L'absence de communication entre les conjoints sur leur état sérologique
constitue une grande difficulté dans la prise en charge des enfants
infectés par le vih. Ce qui fait que lorsqu'un enfant est mis sous
traitement, la cellule familiale ne peut être informée. Aussi en
cas de décès du conjoint qui suivait et accompagnait l'enfant au
centre pour les soins, ce dernier échappe à la structure de prise
en charge.
Les parents n'informent pas leur progéniture de leur état sérologique
par crainte qu'elle ne le divulgue. Conséquence, l'observance est
mise à mal dés que l'enfant dépasse 9-10 ans.

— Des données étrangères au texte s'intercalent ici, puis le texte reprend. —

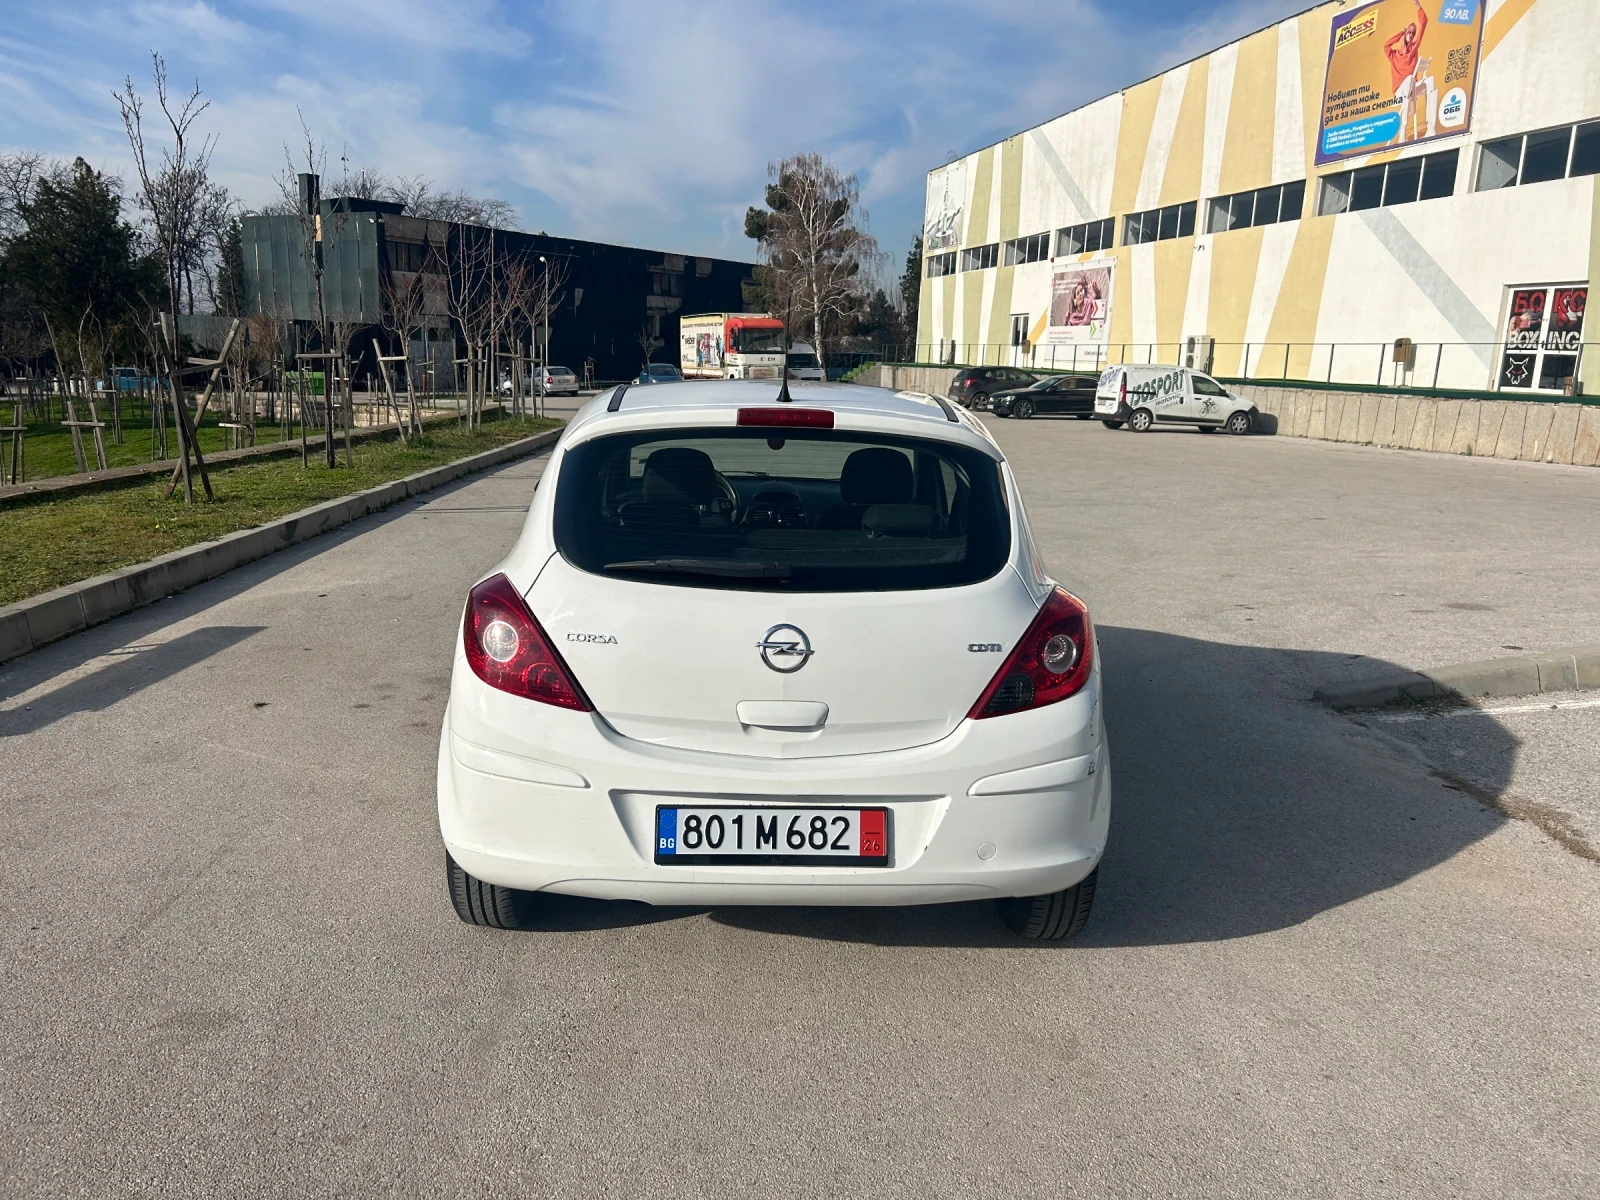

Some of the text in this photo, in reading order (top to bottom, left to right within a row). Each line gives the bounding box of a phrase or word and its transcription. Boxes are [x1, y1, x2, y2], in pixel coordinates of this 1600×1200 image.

[1337, 18, 1375, 44] ACCESS
[1325, 91, 1380, 115] аутфит може
[1327, 84, 1371, 103] Новият ти
[1324, 115, 1334, 126] да
[1340, 111, 1348, 120] за
[1350, 106, 1371, 116] наша
[1443, 105, 1461, 115] ОББ
[1514, 290, 1587, 313] БОКС
[1507, 331, 1580, 350] BOXING
[1130, 369, 1185, 406] ISOSPORT
[566, 633, 618, 644] CORSA
[659, 838, 675, 848] BG
[863, 840, 880, 851] 26
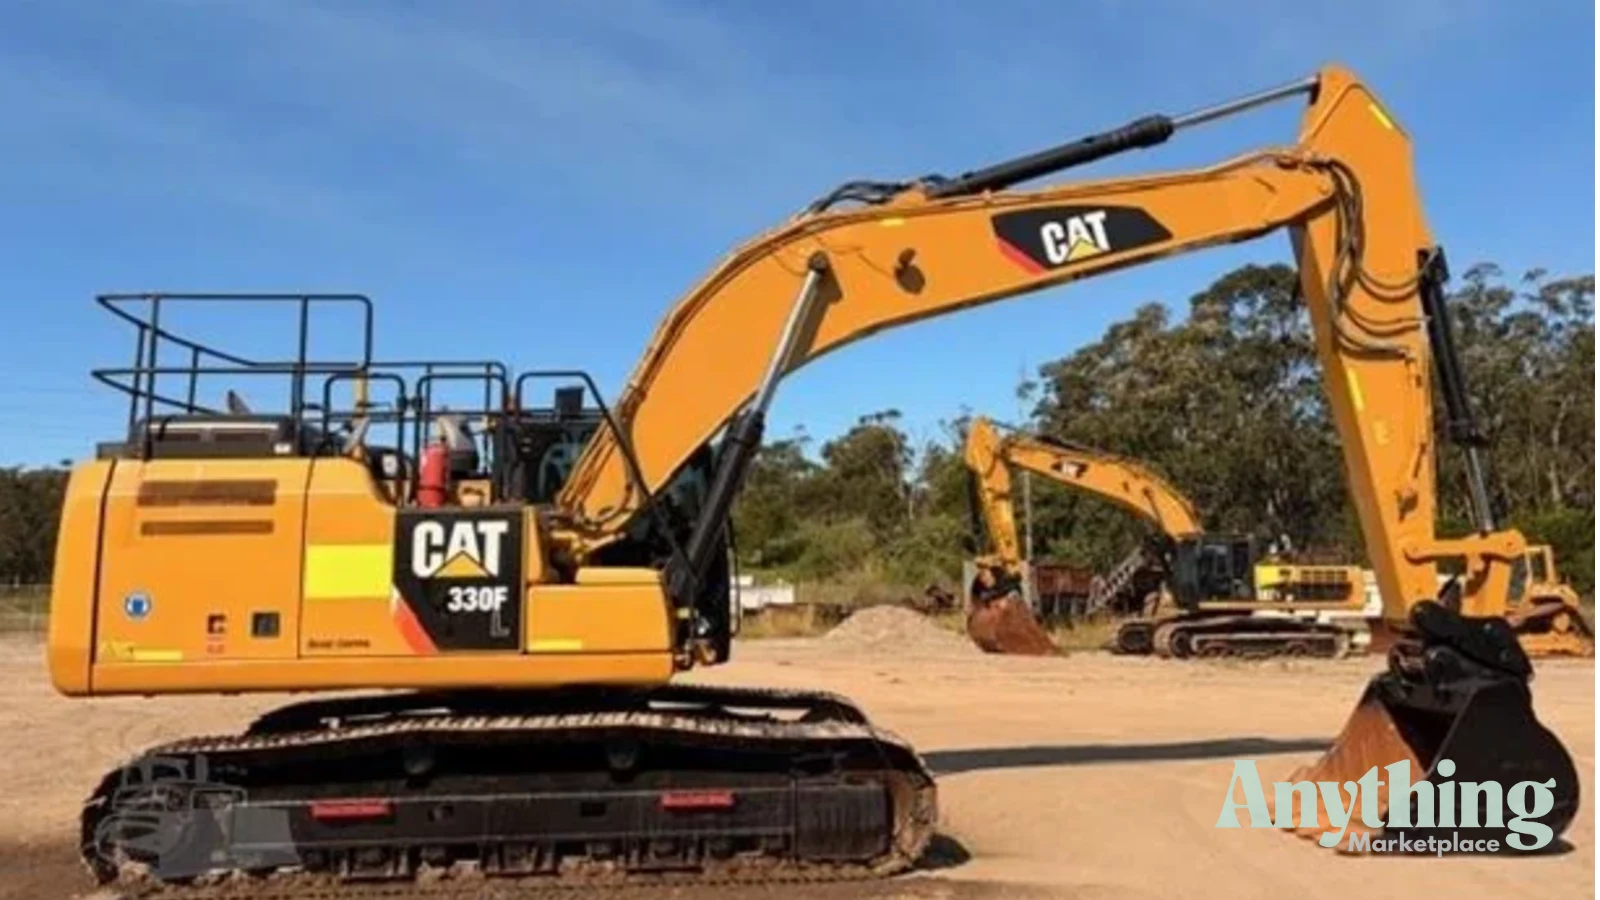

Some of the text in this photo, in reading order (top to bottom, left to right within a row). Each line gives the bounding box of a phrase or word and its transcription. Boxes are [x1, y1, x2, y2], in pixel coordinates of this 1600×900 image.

[1041, 209, 1111, 265] CAT
[412, 520, 509, 578] CAT
[446, 585, 509, 612] 330F

Vu que le traitement est à vie, l'enfant se lasse de prendre les
médicaments antiretroviraux, puisqu'il ne sait pas pourquoi il les
prend. Et il suffit que le médecin lui dise un jour qu'il va bien,
que l'enfant se rebelle contre les prises de médicaments. Comme
l'atteste cette histoire racontée par le docteur Kouakou du CIRBA.

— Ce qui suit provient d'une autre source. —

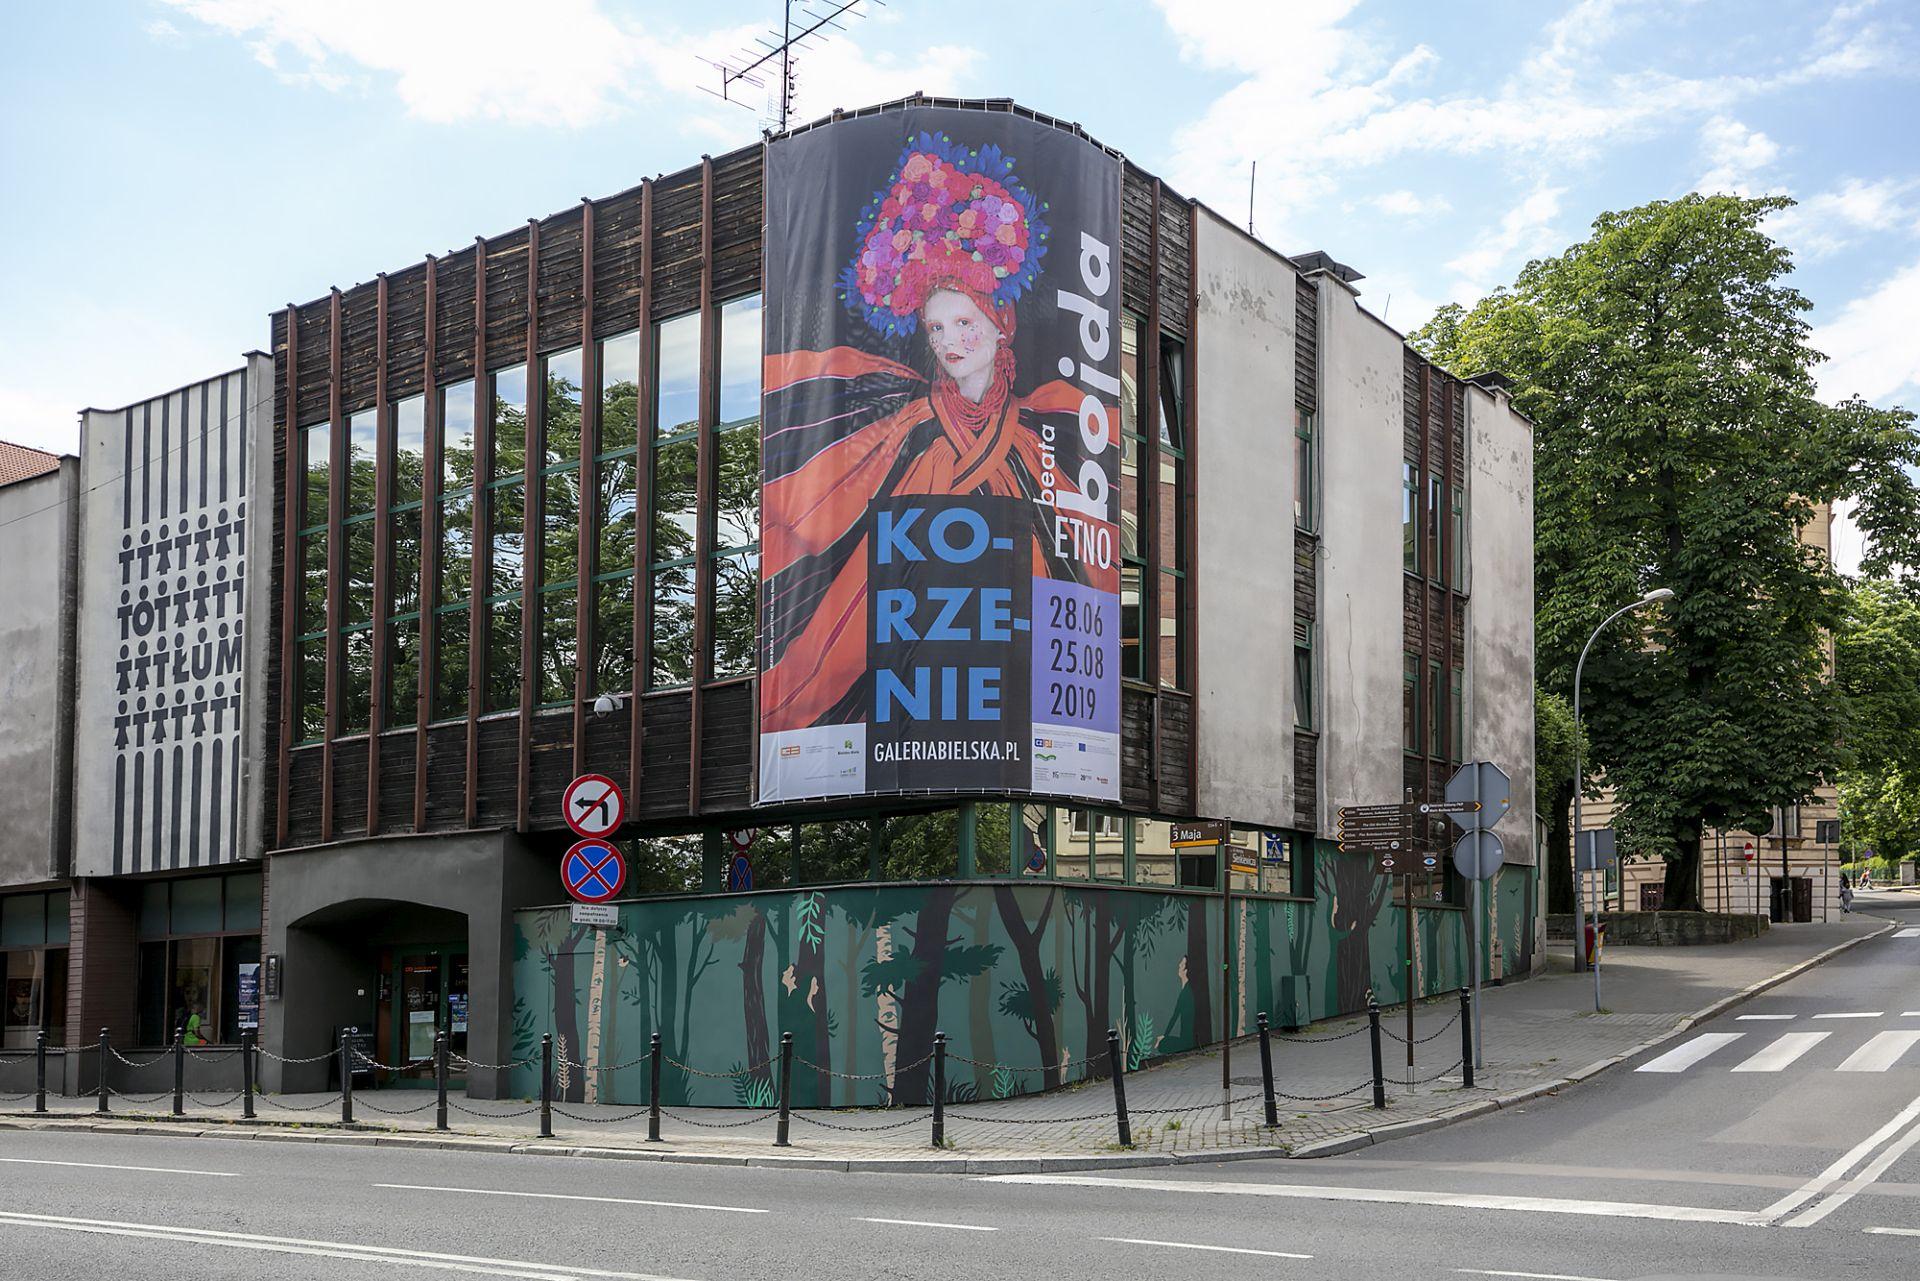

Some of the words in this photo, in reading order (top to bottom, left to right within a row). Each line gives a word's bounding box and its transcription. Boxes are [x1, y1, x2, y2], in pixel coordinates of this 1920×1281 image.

[1032, 423, 1057, 507] beata
[876, 507, 1014, 565] KO-
[1054, 515, 1112, 570] ETNO
[876, 587, 1031, 644] RZE-
[1049, 594, 1104, 638] 28.06
[1049, 637, 1105, 680] 25.08
[875, 666, 1002, 723] NIE
[1050, 681, 1097, 721] 2019
[874, 739, 1020, 763] GALERIABIELSKA.PL
[1172, 831, 1179, 841] 3
[1180, 828, 1202, 842] Maja

Une fillette de 9 ans a été félicitée par son médecin traitant pour
avoir pris du poids etc. Une fois de retour à la maison dans une
ville de l'intérieur, la petite a refusé catégoriquement de prendre
ses médicaments. Raisons invoquées : le médecin a dit que je vais
bien. Il a fallu joindre le médecin au téléphone, lui demander de
parler à la petite fille pour qu'elle reprenne ses antiretroviraux.

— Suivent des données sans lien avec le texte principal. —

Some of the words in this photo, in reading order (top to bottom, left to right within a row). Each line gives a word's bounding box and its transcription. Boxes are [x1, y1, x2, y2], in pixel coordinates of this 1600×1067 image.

Ce cas est parmi tant d'autres n'est qu'un exemple parmi d'autre,
Comment annoncer sa seroposititivé au malade ? Les médecins sont
interdits de le faire parce que les parents s'y opposent, alors
qu'eux-mêmes n'arrivent pas à le faire.
Cependant les enfants finissent par le découvrir en lisant les
noms des médicaments, selon le docteur Kouakou, mais feignent toujours
de ne rien savoir puisque leurs parents ne leur ont rien dit. Il
arrive aussi que les parents très enthousiastes au début de la mise
sous traitements antiretroviraux de leur enfant à veiller sur les
prises, baissent la garde lorsque l'enfant va mieux. Et les prises
de médicaments sont laissées, aux enfants sous la surveillance de
la bonne.
Un autre élément à ajouter aux difficultés de prise en charge du
sida pédiatrique c'est que sur la quinzaine de molécules antiretrovirales,
seules sept ont une formulation pédiatrique (présentation et dosage
enfant). Les médecins sont obligés de prescrire des posologies de
demi ou de quart de comprimés.
Les enfants atteints du vih /sida en Côte d'Ivoire sont pris en
charge gratuitement pour l'accès aux antiretroviraux, mais les parents
qui les accompagnent doivent payer. Cette situation pose un problème
moral aux médecins surtout si les parents sont indigents. Et souvent
nous raconte le docteur Kouakou du CIRBA, ce sont des parents malades
qui accompagnent leur enfant aux consultations. Et certains ne cessent
de nous répéter : "Mais docteur, vous voulez faire vivre nos enfants,
alors que nous même, on est mourant".